Are you trying to decide between running a sole proprietorship or setting up business as a limited liability company? Or maybe it would be easier to form a partnership – perhaps even a corporation? Each type of business structure has its own advantages and disadvantages. You may want to focus on low-cost and flexibility, or you may be more interested in tax benefits and liability protections for owners. Here’s a basic breakdown of business structures, and their primary advantages.
A sole proprietorship is the easiest type of business to set up and run, from legal and financial standpoints. At its most basic, you don’t need to file any paperwork – you simply start doing business. If you want to run your sole proprietorship under what’s known as a “fictitious business name,” as opposed to your own name, you’ll need to register your business name with the state (typically you can do this online for a small fee) and open a business bank account (bring your business license with you.)

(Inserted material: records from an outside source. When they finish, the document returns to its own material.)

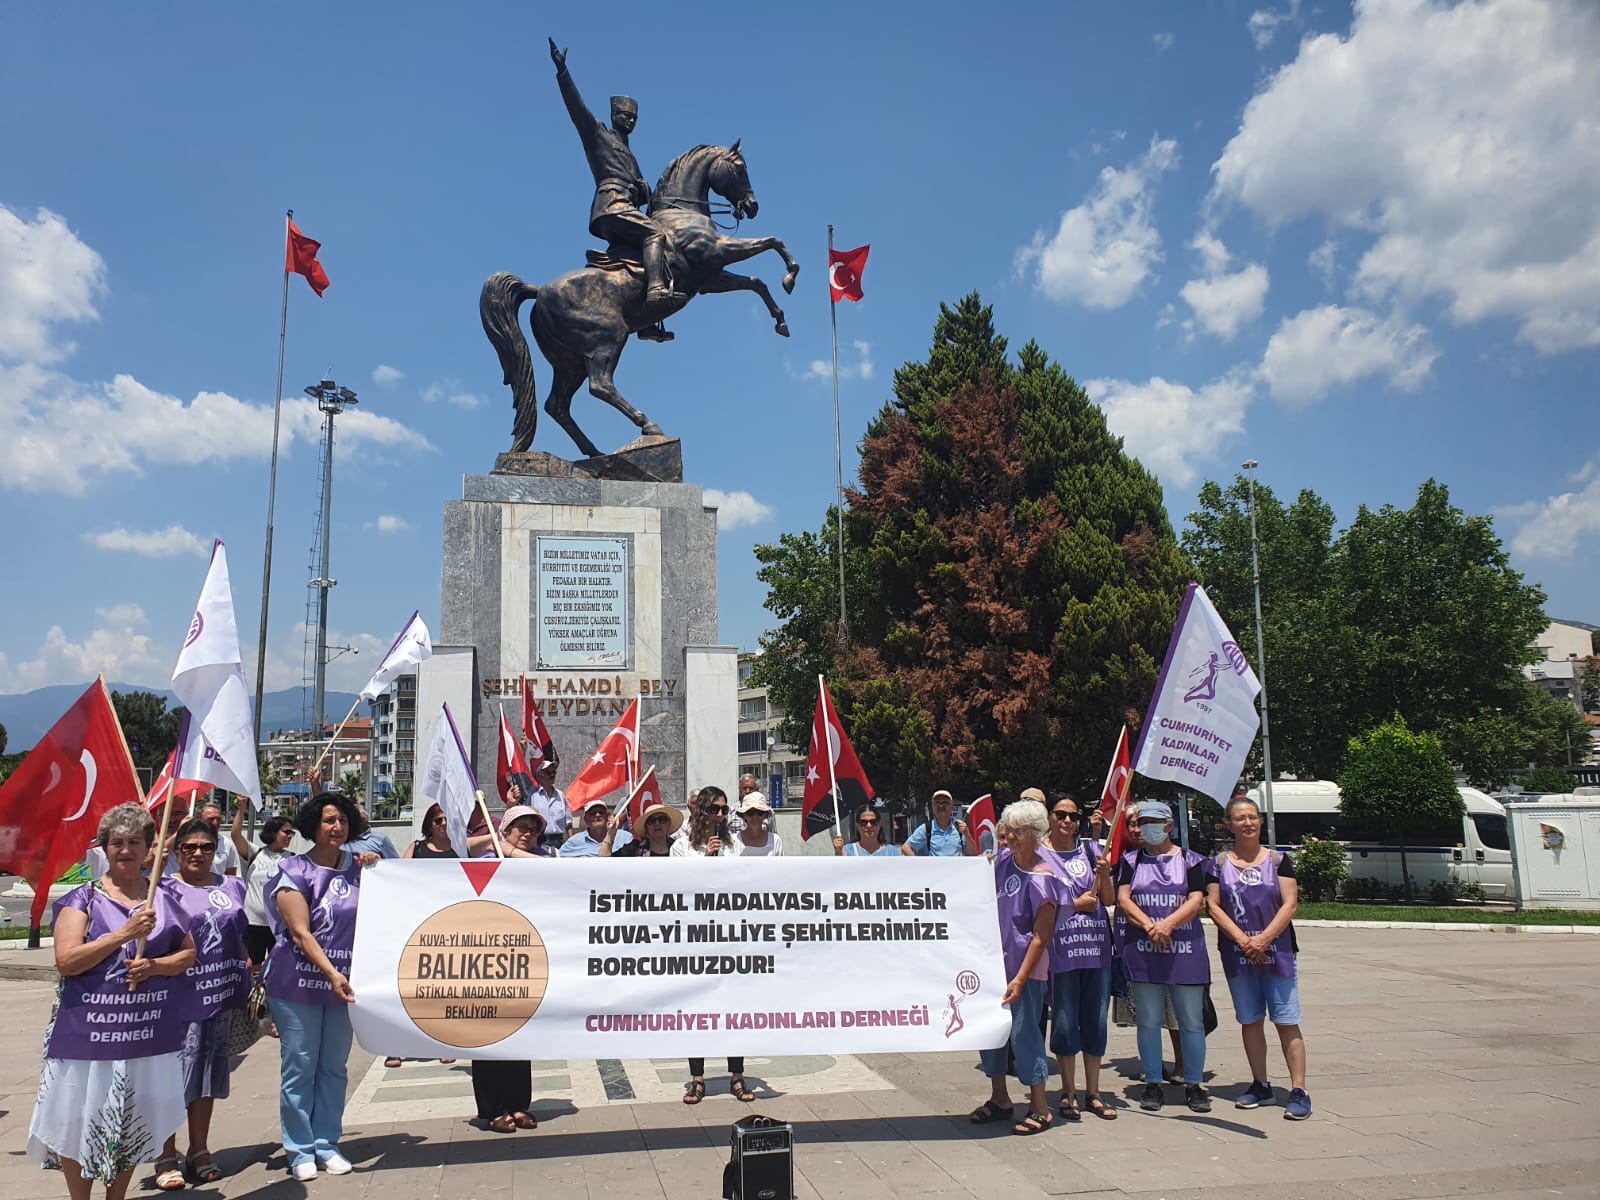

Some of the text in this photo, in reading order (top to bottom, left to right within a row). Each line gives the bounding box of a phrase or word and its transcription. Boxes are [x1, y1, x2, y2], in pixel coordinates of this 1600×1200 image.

[639, 678, 677, 696] BEY
[1160, 717, 1233, 752] CUMHURİYET
[1160, 736, 1220, 765] KADINLARI
[1159, 755, 1209, 778] DERNEĞİ
[589, 888, 947, 913] İSTİKLAL MADALYASI, BALIKESİR
[419, 931, 531, 948] KUVA-Yİ MİLLİYE ŞEHRİ
[588, 918, 949, 948] KUVA-Yİ MİLLİYE ŞEHİTLERİMİZE
[1060, 933, 1105, 945] KADINLARI
[417, 948, 530, 980] BALIKESİR
[587, 955, 775, 976] BORCUMUZDUR!
[298, 977, 333, 991] DERN
[415, 984, 459, 999] İSTİKLAL
[81, 989, 168, 1005] CUMHURİYET
[86, 1009, 162, 1024] KADINLARI
[445, 1003, 498, 1019] BEKLİYOR!
[585, 1005, 930, 1032] CUMHURİYET KADINLARI DERNEĞİ
[89, 1025, 154, 1043] DERNEĞİ
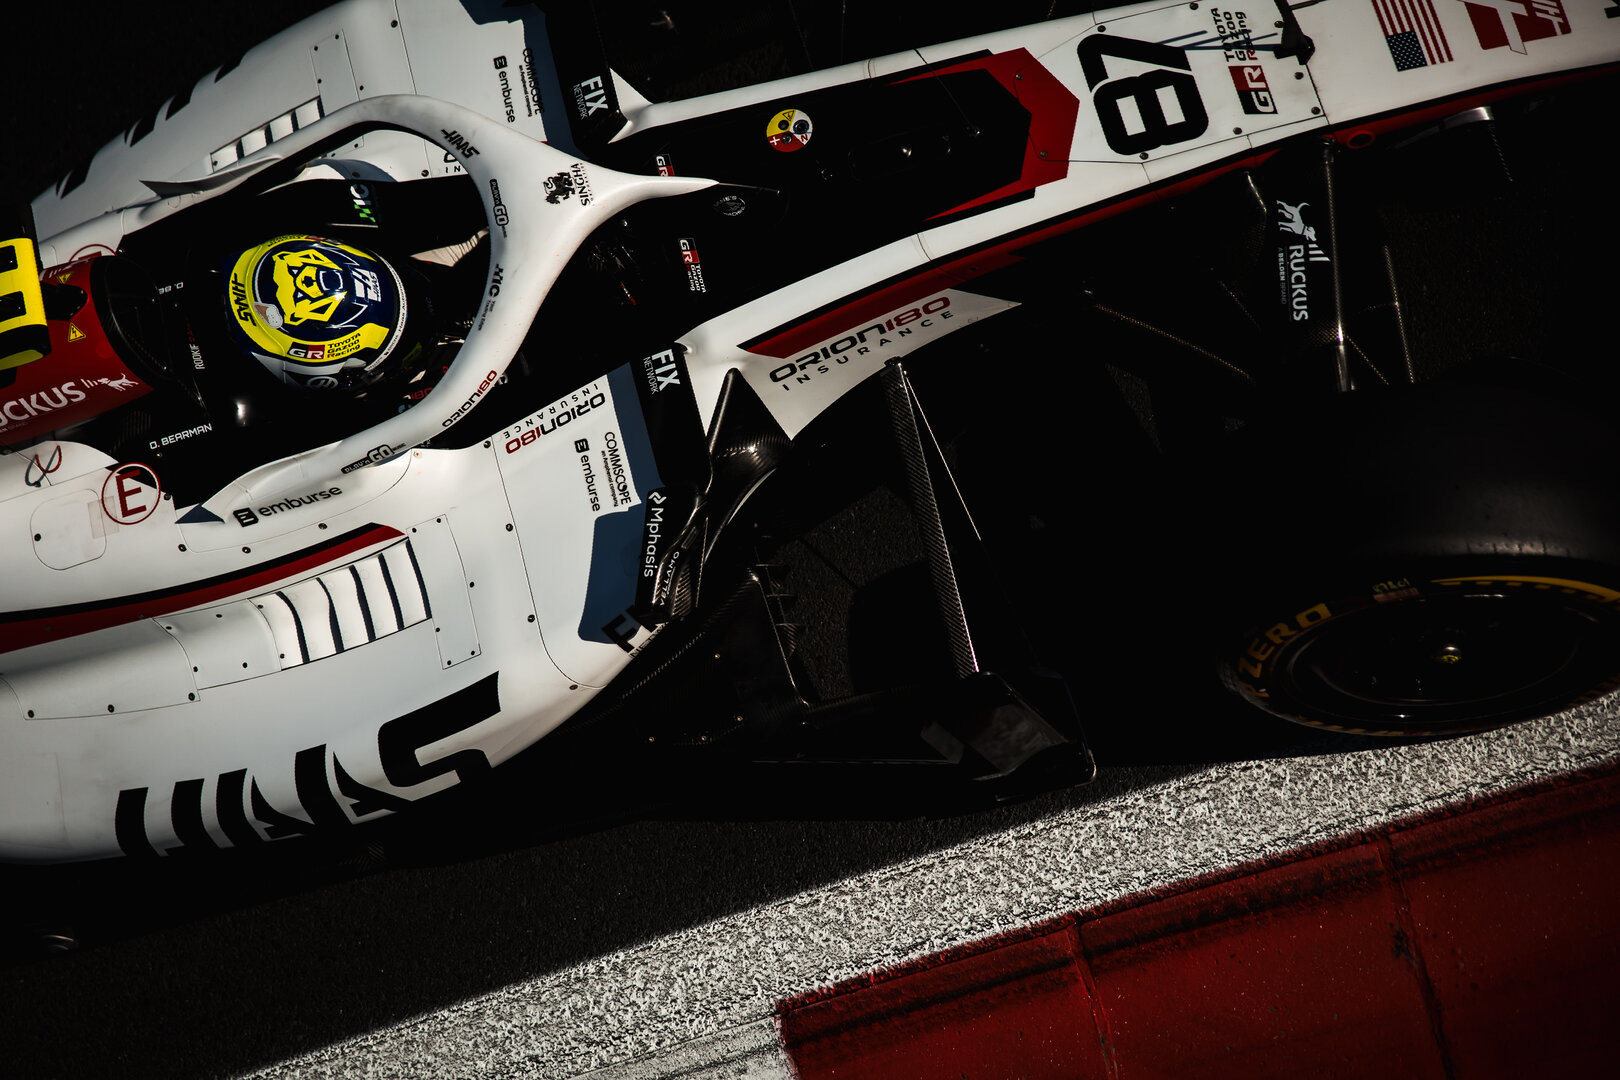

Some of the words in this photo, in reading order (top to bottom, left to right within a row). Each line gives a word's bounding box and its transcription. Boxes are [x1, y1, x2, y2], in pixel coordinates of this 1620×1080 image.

The most difficult types of businesses to set up and run are corporations and non-profits.
With a legal partnership, the business isn’t totally dependent on one person (like a sole proprietorship is). You have two options here: you can form a limited partnership (LP) or a limited liability partnership (LLP). An LP has one partner with unlimited liability (he or she takes on personal responsibility for the business’ debts and legal actions), all other partners have limited liability and – typically, limited control over the company. With an LLP limited liability is granted to every owner, providing each with protection from debts against the partnership.
Protection of personal assets
Forming a corporation provides you with the most protection for your personal assets, the corporation is legally its own entity and totally separated from the assets of its owners and executives. But in return, you have to remain in compliance with record-keeping, operational processes, and reporting regulations. In general, to protect against personal legal responsibility, you’d want to look into forming a Limited Liability Company (LLC). With an LLC, you get some of the benefits of a corporate structure, with less complicated regulatory requirements and potentially a less-significant tax hit.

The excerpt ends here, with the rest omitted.